§ **Referring expression grounding data**:
# # # # #
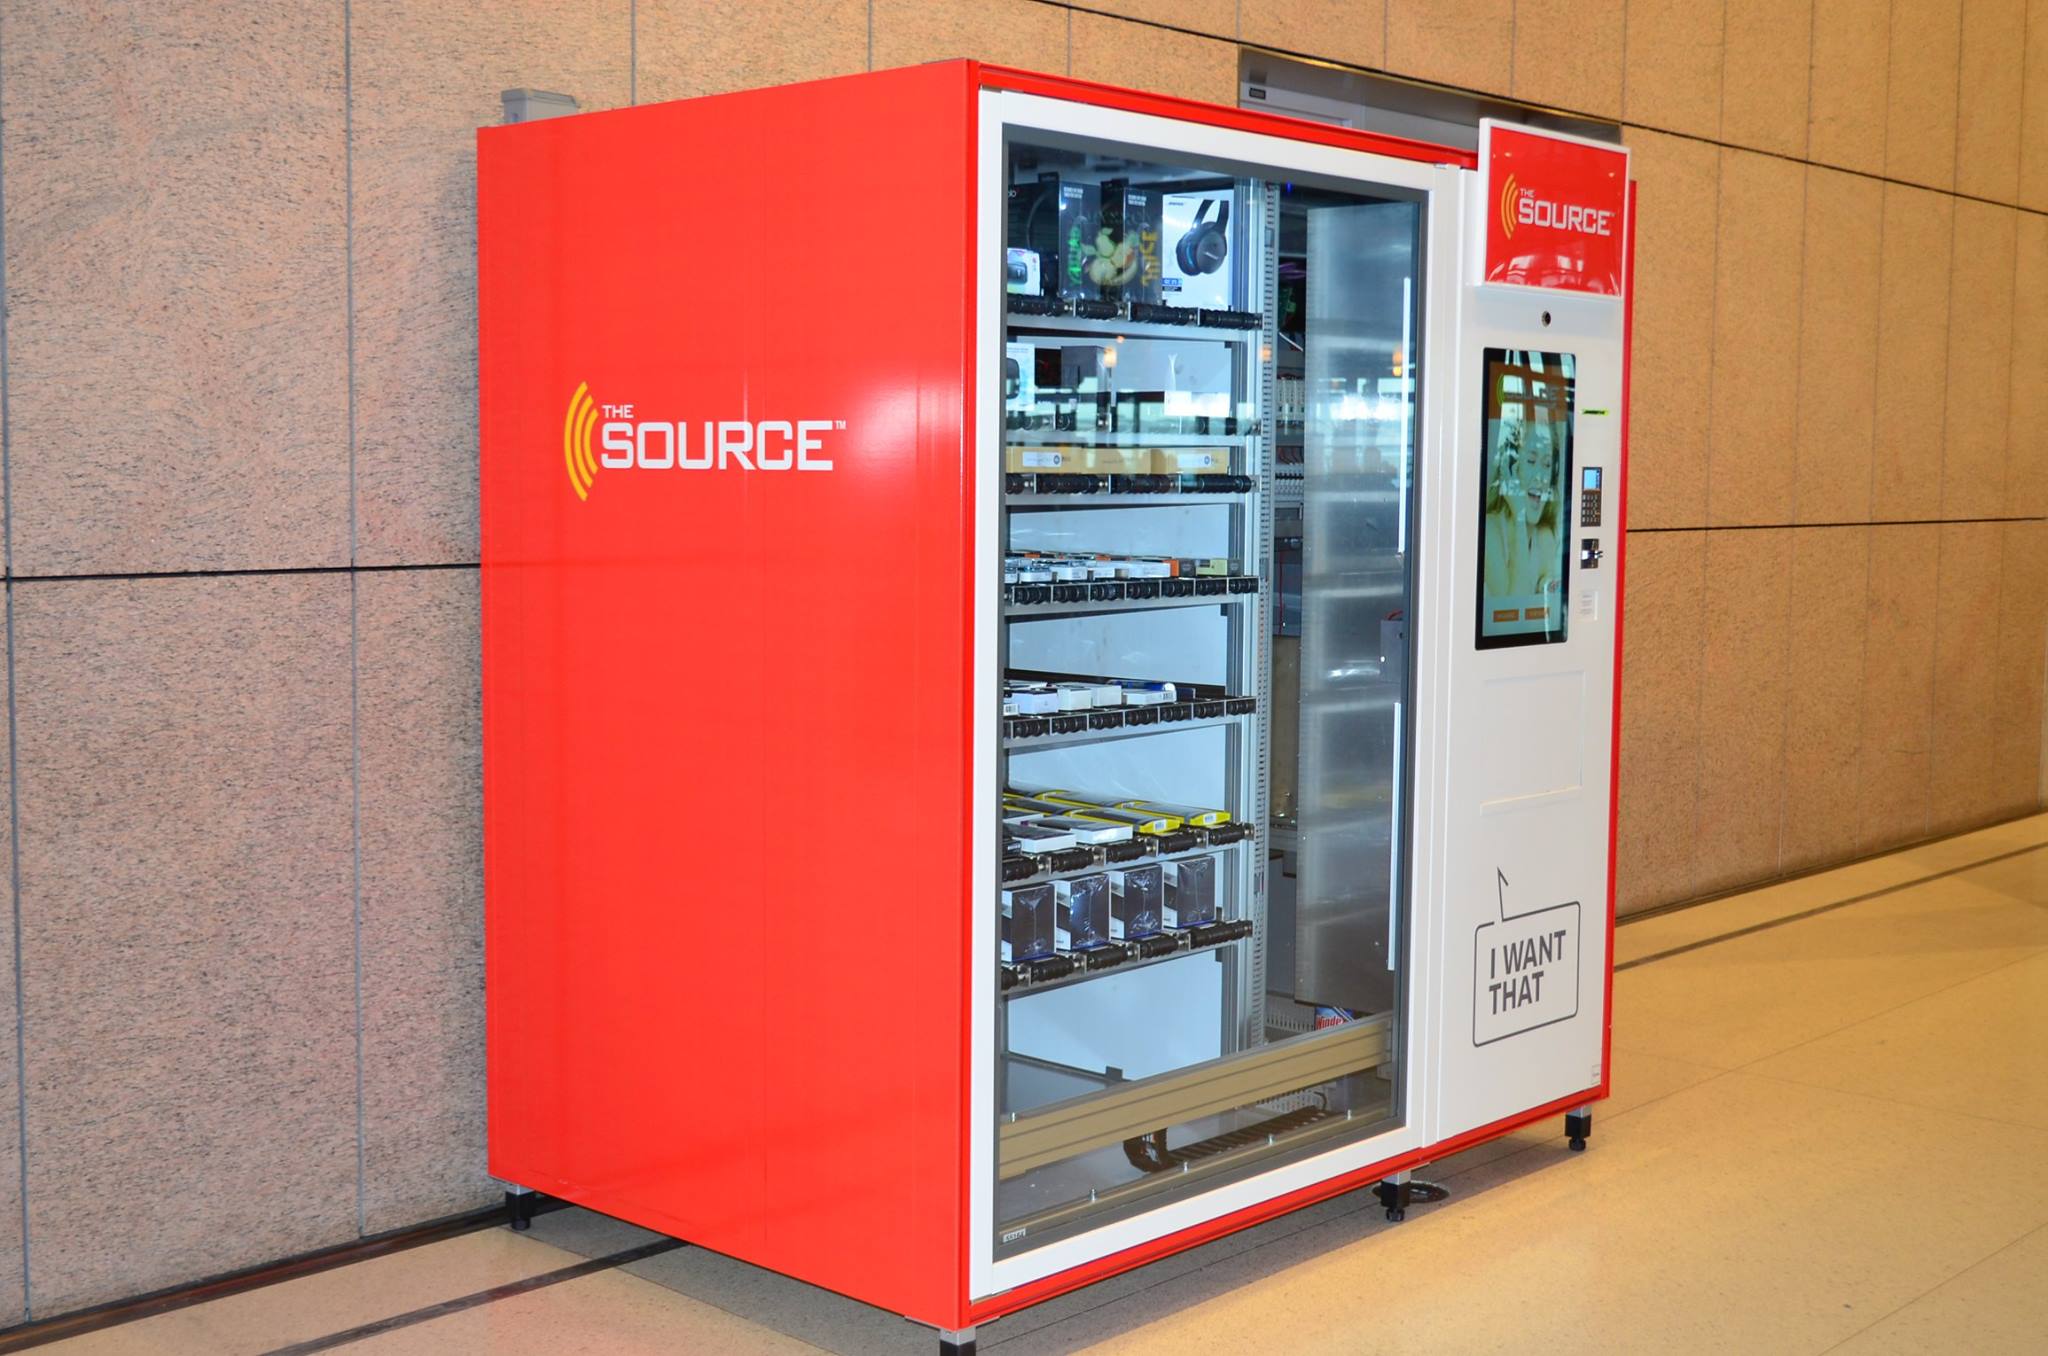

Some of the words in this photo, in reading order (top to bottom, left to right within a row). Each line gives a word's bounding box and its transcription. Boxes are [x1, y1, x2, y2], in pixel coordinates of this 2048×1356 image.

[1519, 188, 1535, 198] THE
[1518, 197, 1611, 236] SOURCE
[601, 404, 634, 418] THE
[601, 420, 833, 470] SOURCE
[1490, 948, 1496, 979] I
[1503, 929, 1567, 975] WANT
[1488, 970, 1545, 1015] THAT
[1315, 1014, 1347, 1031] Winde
# # # # #
§ **What needs to be done**:
Could you give all of the data again exactly as written, omitting any pictures?

§ **Final answer**:
Some of the words in this photo, in reading order (top to bottom, left to right within a row). Each line gives a word's bounding box and its transcription. Boxes are [x1, y1, x2, y2], in pixel coordinates of this 2048×1356 image.

[1519, 188, 1535, 198] THE
[1518, 197, 1611, 236] SOURCE
[601, 404, 634, 418] THE
[601, 420, 833, 470] SOURCE
[1490, 948, 1496, 979] I
[1503, 929, 1567, 975] WANT
[1488, 970, 1545, 1015] THAT
[1315, 1014, 1347, 1031] Winde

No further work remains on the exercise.